母乳のあれこれ 12  <「母乳のための食事」が広まった時代>

1980年代終わり頃に助産師になった当時、母乳育児に関する助産師向けの実践的な専門書は皆無といってよいものでした。


その頃に勤務した総合病院は、当時でもまだまだ珍しい母子同室、入院中にはミルクを足さない(足させない)方針の施設でした。
分娩後、歩けるようになるとお母さん達は赤ちゃんが泣くと呼ばれて、授乳室で授乳をしていました。


なぜ母子同室なのにベッドで授乳できずに授乳室まで行かなければならなかったかというと、総合病院の産婦人科病棟という構造上の限界がありました。


大部屋、3人部屋、個室とありましたが、当時はまだ個室料金の制度が導入される前でしたから、少ない個室は重症者や感染症のある患者さん、あるいは臨終の近い方が優先されていました。


ですから、母子同室は大部屋しか選択がありません。
タイミングがよければ、同じ部屋が全て産後のお母さんたちのこともありますが、時には切迫早産・流産で入院の必要な方が入ることもありました。


さすがに子宮筋腫の手術や婦人科癌で治療入院の方、あるいは流産・死産の方が一緒になることのないように配慮しましたが、常に患者さんが入れ替わる中で同室者の組み合わせを考えてベッド移動をする必要がありました。


そんな状況ですから、赤ちゃんが泣き出すとお母さんたちはあわてて授乳室に駆け込む必要がありました。
授乳室だけが唯一、赤ちゃんの大泣きにもお母さん達が気を使わなくてすむ場所でした。


でも「眠ったかな」と思って部屋に戻ろうとした途端に赤ちゃんにぐずられて・・・の繰り返しで、赤ちゃんの眠りと行動を考えれば最も遠回りの方法をさせていたと、今は思います。


母子別室・3時間ごとの規則授乳から、母乳を中心にした自律授乳への混乱期の始りの時期でした。


<母乳のための食事が書かれた本が出始める>


私が助産師になった当時、母乳の成分や分泌の過程を医学的に説明した本はありましたが、乳房うっ積や乳汁うっ滞の違いもまだ明確になっていませんでしたし、乳腺炎の実際の対応もまだ標準化されたものもありませんでした。
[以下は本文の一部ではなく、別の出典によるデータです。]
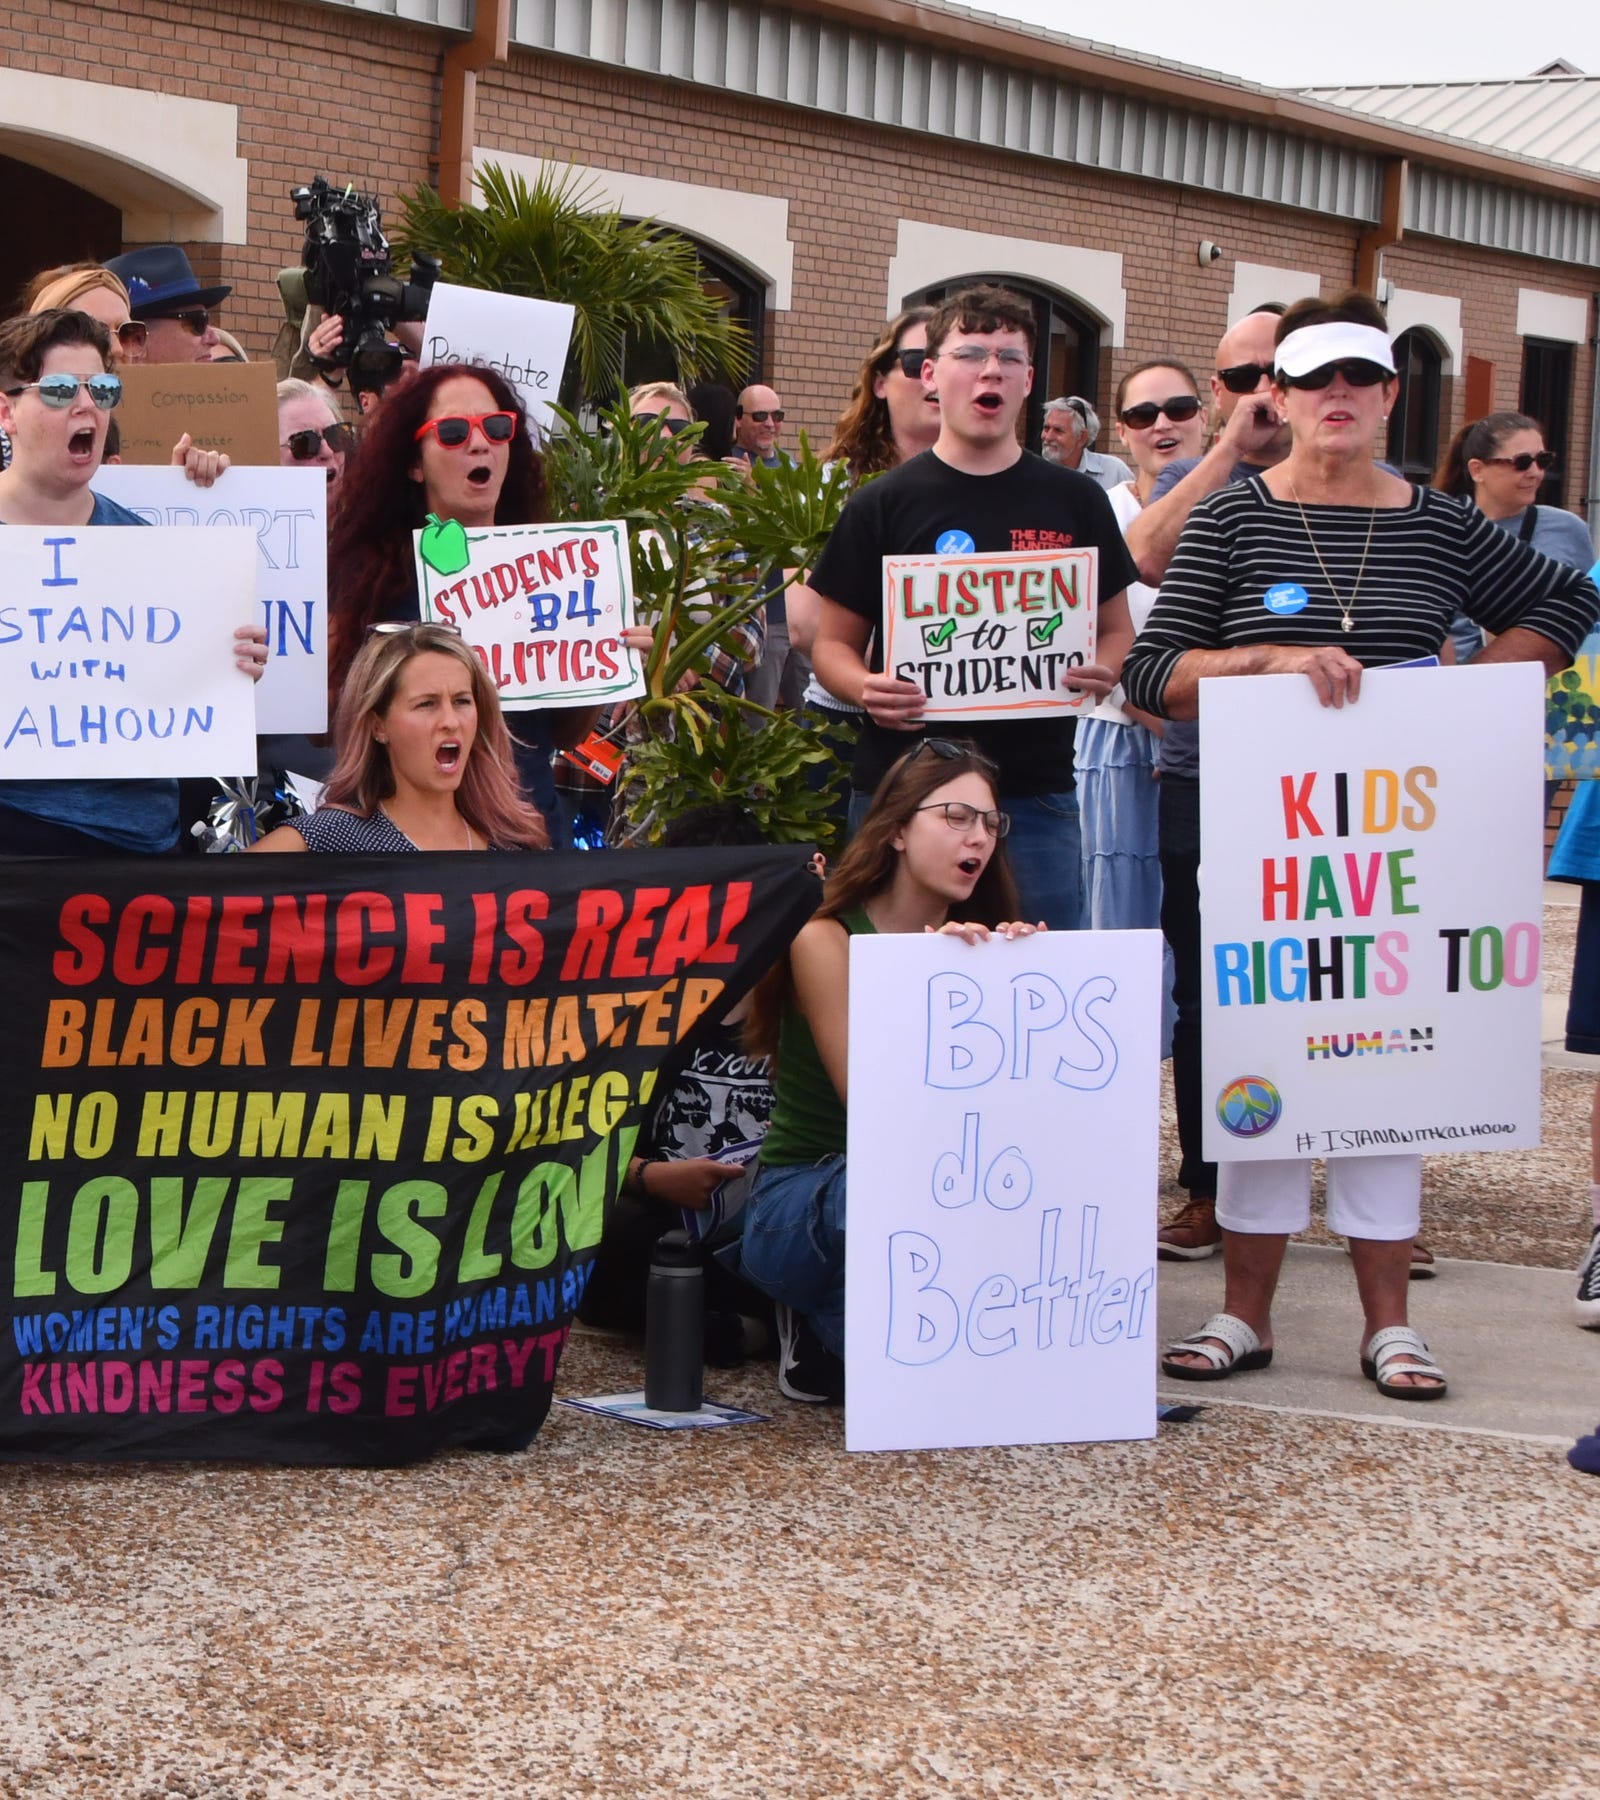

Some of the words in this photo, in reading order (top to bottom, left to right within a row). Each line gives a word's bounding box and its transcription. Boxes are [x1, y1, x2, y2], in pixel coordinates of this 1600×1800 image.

[151, 387, 249, 415] Compassion
[191, 436, 234, 446] reater
[42, 537, 78, 586] I
[1009, 529, 1036, 540] THE
[434, 538, 600, 626] STUDENTS
[528, 579, 602, 633] B4
[902, 563, 1079, 619] LISTEN
[31, 660, 126, 682] WITH
[472, 638, 619, 690] LITICS
[954, 619, 1017, 651] to
[1281, 766, 1438, 839] KIDS
[1262, 849, 1419, 921] HAVE
[53, 891, 445, 985] SCIENCE
[468, 890, 550, 986] IS
[559, 881, 752, 981] REAL
[1214, 931, 1409, 1006] RIGHTS
[1439, 922, 1541, 993] TOO
[41, 997, 275, 1068] BLACK
[290, 998, 488, 1072] LIVES
[503, 978, 726, 1071] MATTER
[925, 972, 1118, 1090] BPS
[1307, 1027, 1433, 1060] HUMAN
[713, 1053, 773, 1076] YOUT
[28, 1091, 119, 1161] NO
[136, 1091, 406, 1162] HUMAN
[423, 1094, 499, 1163] IS
[932, 1112, 1033, 1210] do
[14, 1175, 294, 1297] LOVE
[323, 1179, 448, 1298] IS
[13, 1304, 181, 1356] WOMEN'S
[194, 1304, 347, 1352] RIGHTS
[359, 1310, 437, 1356] ARE
[443, 1278, 556, 1346] HUMAN
[886, 1205, 1154, 1366] Better
[20, 1358, 285, 1415] KINDNESS
[306, 1361, 362, 1415] IS
[385, 1325, 570, 1417] EVERYT
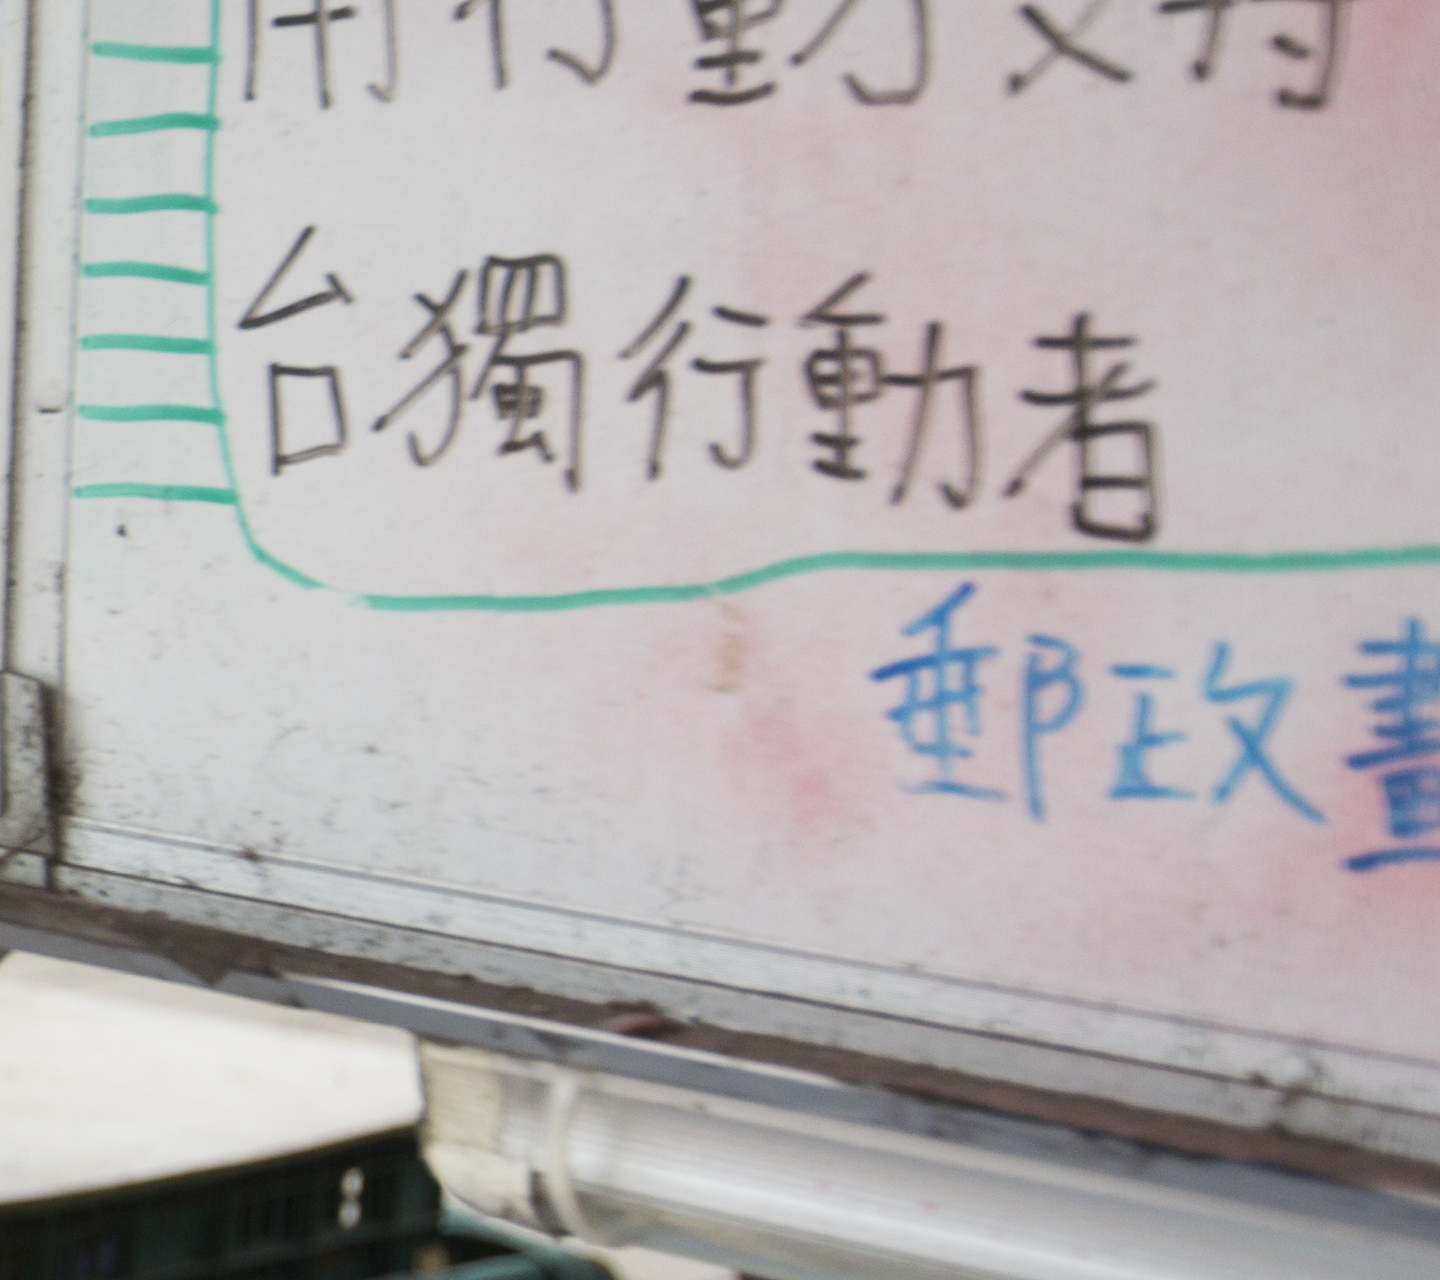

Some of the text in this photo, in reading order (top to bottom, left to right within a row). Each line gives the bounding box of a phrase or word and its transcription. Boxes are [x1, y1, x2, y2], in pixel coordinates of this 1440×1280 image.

[237, 224, 1160, 544] 台獨行動者
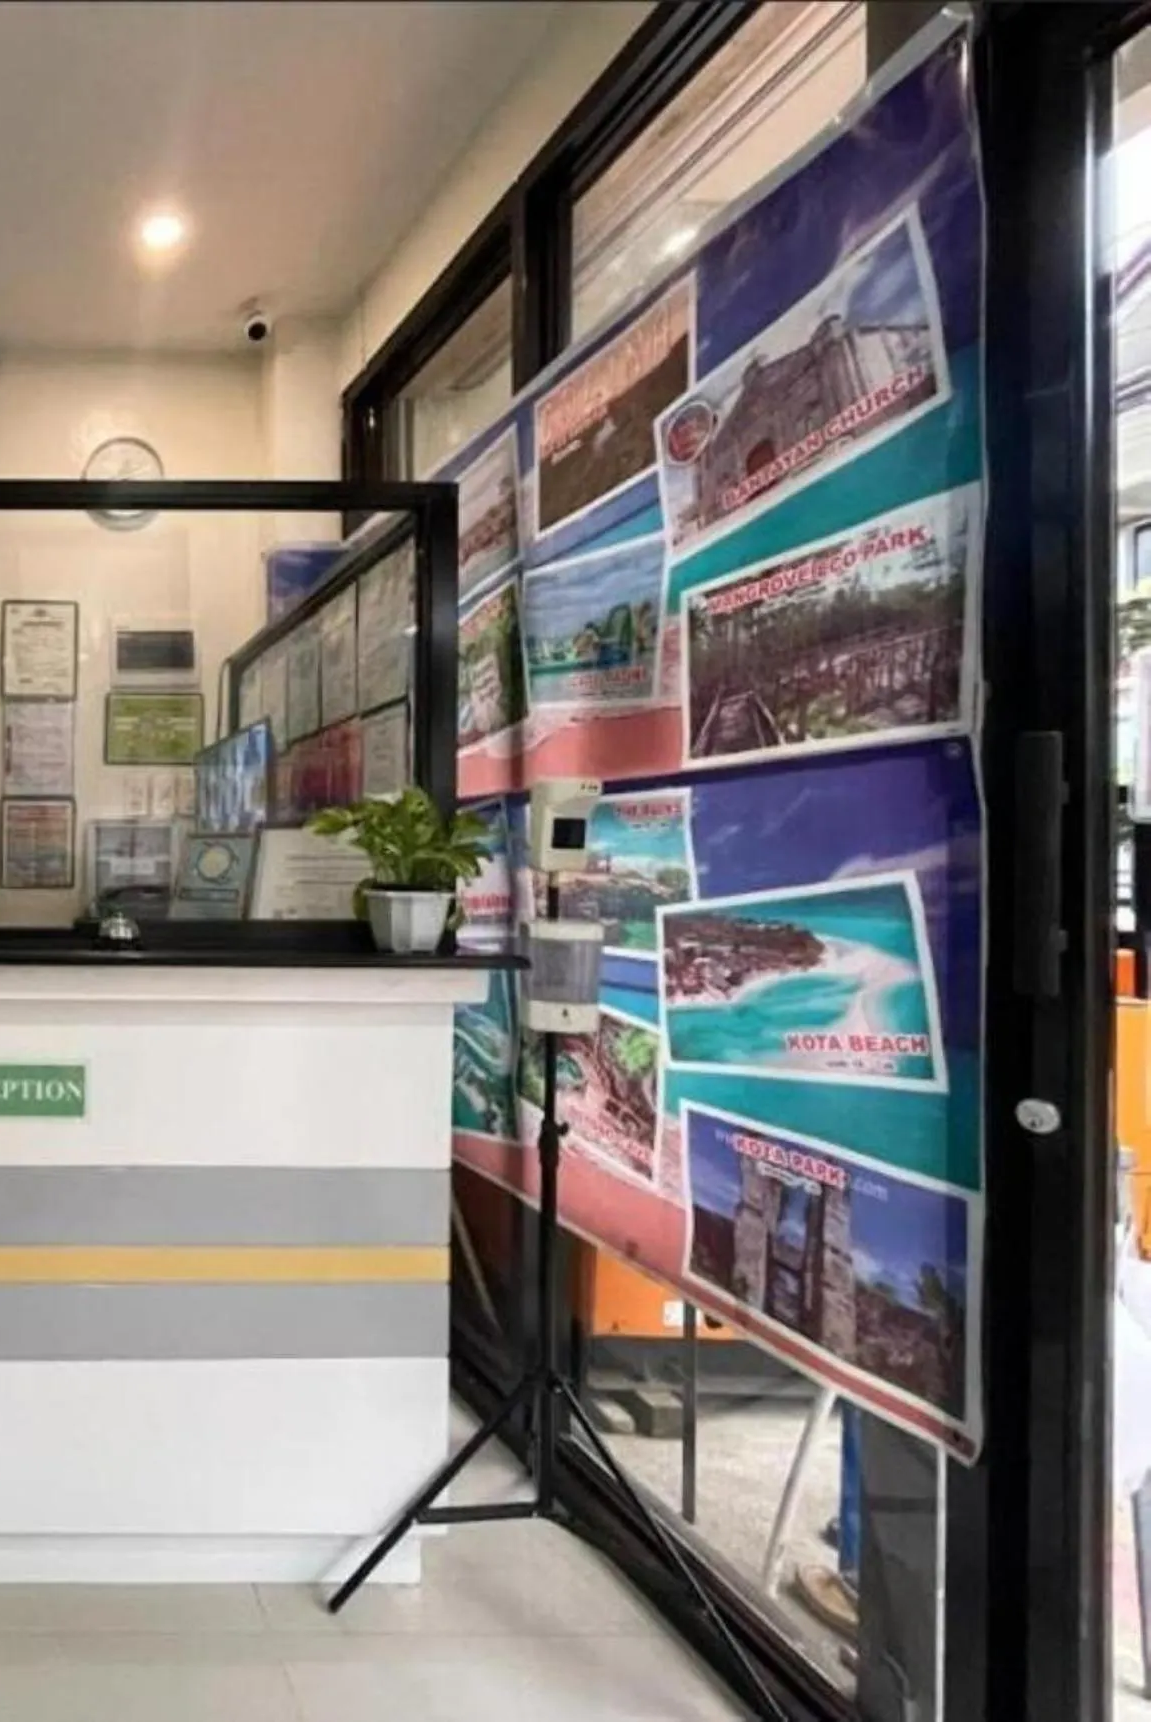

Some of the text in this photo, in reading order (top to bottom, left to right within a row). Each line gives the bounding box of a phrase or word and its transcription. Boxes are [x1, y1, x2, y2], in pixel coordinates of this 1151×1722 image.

[825, 365, 926, 438] CHURCH
[708, 560, 813, 614] MANGROVE
[816, 549, 857, 578] ECO
[861, 525, 930, 560] PARK
[786, 1033, 928, 1054] KOTA BEACH
[735, 1134, 788, 1167] KOTA
[789, 1151, 846, 1189] PARK
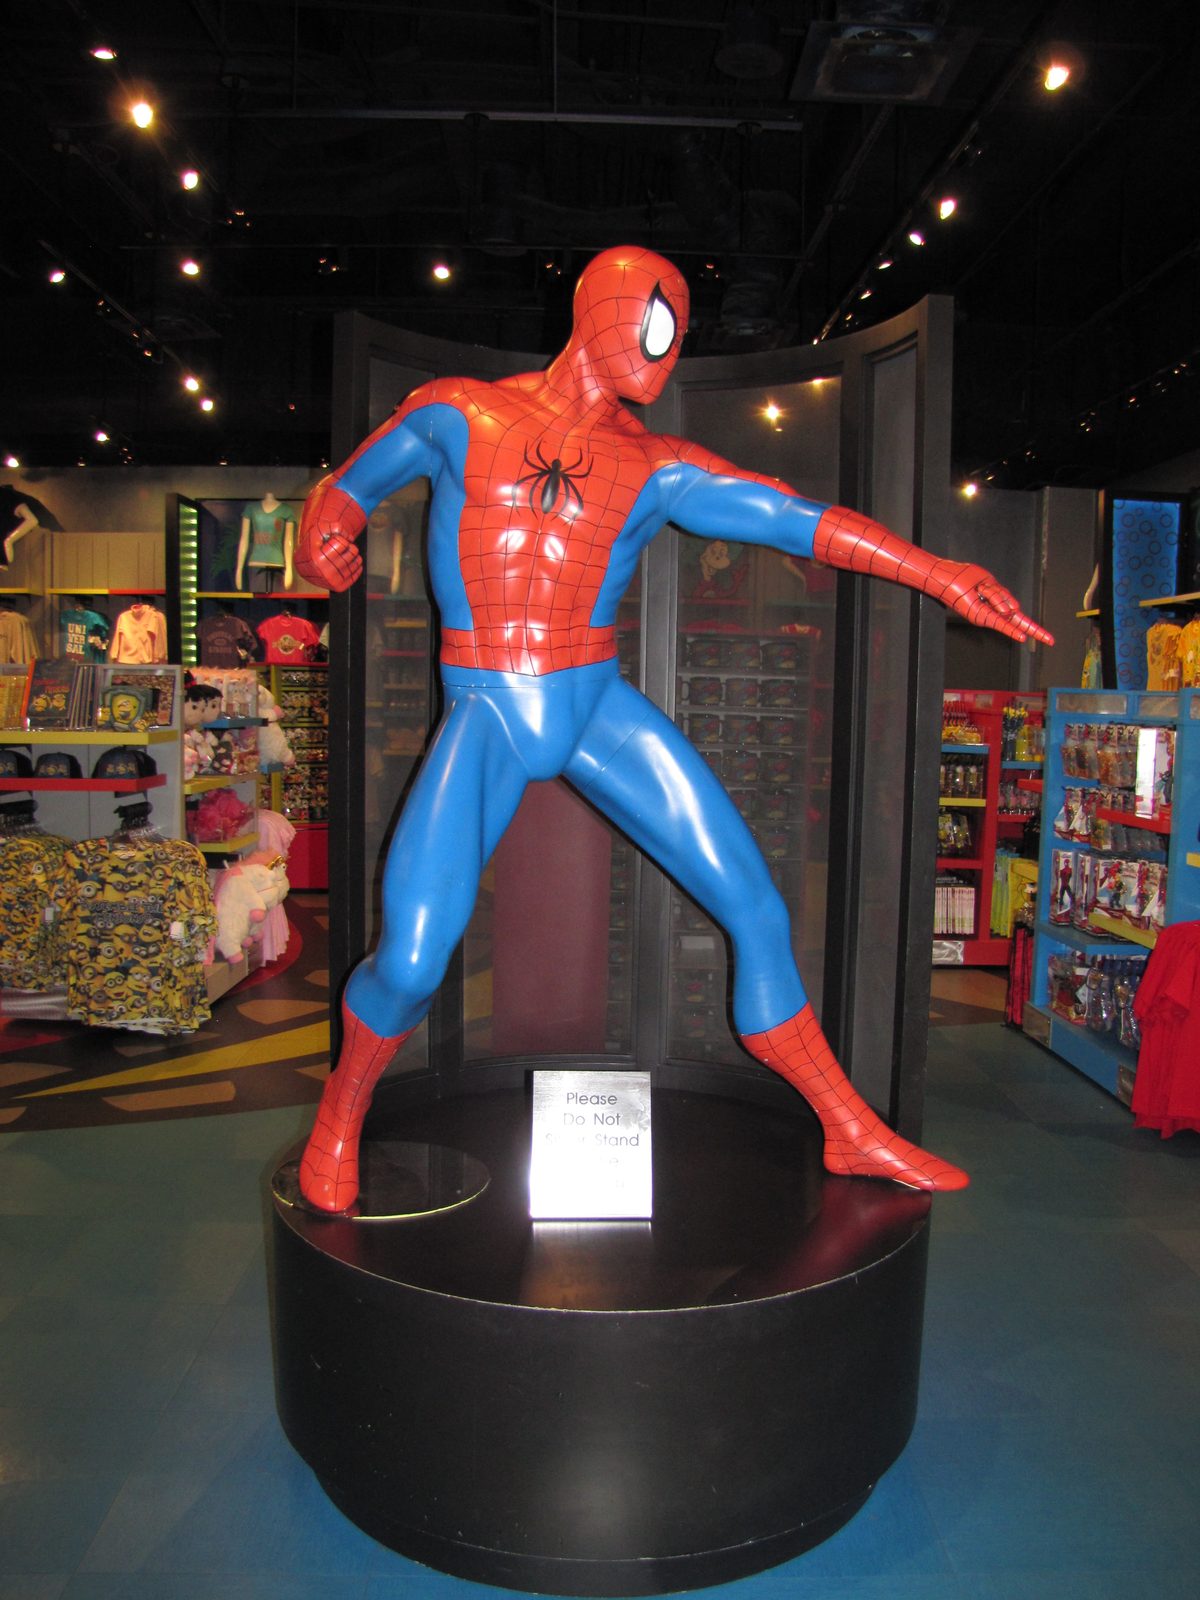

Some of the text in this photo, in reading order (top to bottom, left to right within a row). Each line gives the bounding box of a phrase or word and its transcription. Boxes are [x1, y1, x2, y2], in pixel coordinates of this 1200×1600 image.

当時、私は「日本という先進国の周産期医療を学んだ」と思っていたのですが、今考えればほとんどの方が病院で出産する時代になってわずか20年程のことですから、産科看護の学問化もまだまだ始ったばかりだったといえるのでしょう。


入院中から退院後の、「おっぱいの張り」への対応はまさに手探り状態でした。


病棟の先輩助産師たちもあまり乳房管理には詳しくなく、どちらかというとどうしたらよいかわからないと積極的でない方が多かった印象です。
今のように周産期看護関連の書物や研修もなく、ネットももちろんありませんでしたから施設内で試行錯誤するしかない時代でした。


そんな中で、多少母乳育児や乳房管理に関心がある助産師が、桶谷式マッサージに答えを求めようとしたのかもしれません。


桶谷式マッサージの本、桶谷そとみ氏の自伝、そして桶谷式マッサージの相談所を支持していた主婦の友社の母乳育児関連の本に実践的な解決方法が書かれていました。


教科書には書かれていない、母乳育児のための食事が書かれていました。
また手ごわかったおっぱいの張りや詰まりを「予防してくれる食事」が紹介されていました。


「これだ」と飛びつくのも無理がないほど、本当に手探りの時代だったと思い返しています。
その時代に影響を受けた助産師が、中堅から熟練者として現在働いているということになります。


まだまだしばらくは混乱が続くことでしょう。